Writing an LLM from scratch, part 32k -- Interventions: training a better model locally with gradient accumulation

I've been working on a GPT-2-small-style LLM based on Sebastian Raschka's book "Build a Large Language Model (from Scratch)". I've trained various versions of it in the cloud to work out which interventions to the model and training code had the best effects on the loss it gets on a specific test dataset, and now I wanted to do a training run locally to match the best of those. For that, I wanted to match the batch size I was using for the cloud training runs.

When I first started learning this stuff, batching seemed like a performance thing -- with highly parallel systems like GPUs, it generally turned out that you could run a batch of (say) two inputs through a model in less than twice the time you could run one, so it made sense to batch them up.

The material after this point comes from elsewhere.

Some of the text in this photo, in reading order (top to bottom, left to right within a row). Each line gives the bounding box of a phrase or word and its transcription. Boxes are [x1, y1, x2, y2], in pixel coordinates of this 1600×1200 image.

For inference, that is exactly the advantage you get, but when training, it's become increasingly clear to me that you can also get an improvement in the quality of the model from batching. The best intuitive model I have is that if you run inputs through one-by-one, adjusting parameters after each, then it's easy for the model to "overcorrect" each time. With batches, you get an average set of gradients across all of the items -- which smooths things out and stabilises the training.

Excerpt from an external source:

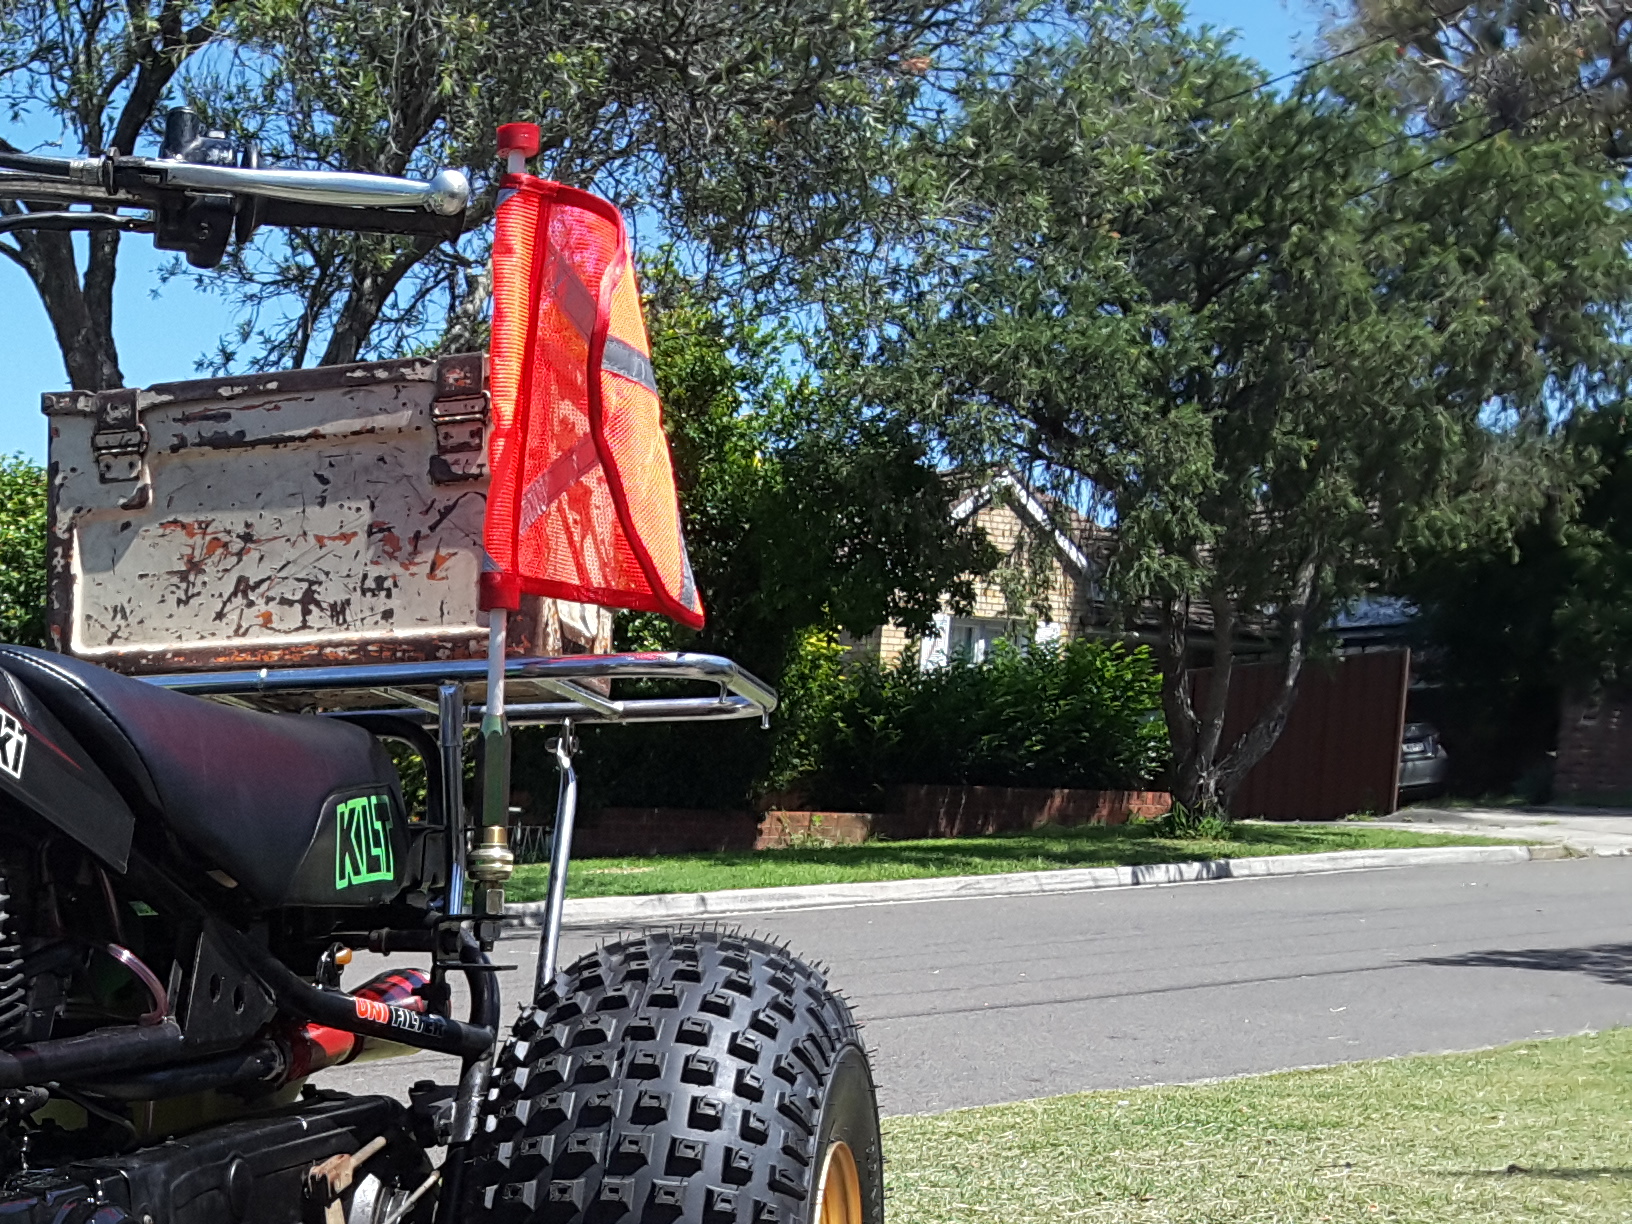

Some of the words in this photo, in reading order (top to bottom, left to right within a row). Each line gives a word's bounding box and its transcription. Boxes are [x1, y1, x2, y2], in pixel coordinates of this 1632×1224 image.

[335, 795, 394, 890] KLT
[355, 996, 389, 1025] UNI
[390, 1005, 446, 1038] FILTER

Of course, it's possible to overdo it. As an extreme example, imagine that you were somehow able to fit your whole training set into one batch -- then you could train by running that single batch through, doing a single backward pass, and then adjusting the parameters once. It's pretty clear that that would not work very well -- just one single update of the initially-random parameters.

When training on my local machine, I could fit a batch of six sequences into my RTX 3090. I'd found that when I moved to cloud machines, it had a very positive effect on the loss I got out of the models when I tested them. From a quick-and-dirty bit of curve-fitting, I estimated that the optimal batch size for this model, with that training run, was somewhere around 97. Conveniently, that was close to the maximum I could fit onto an 8x A100 40 GiB/GPU machine, so I used a batch size of 96 to test the different interventions I was trying.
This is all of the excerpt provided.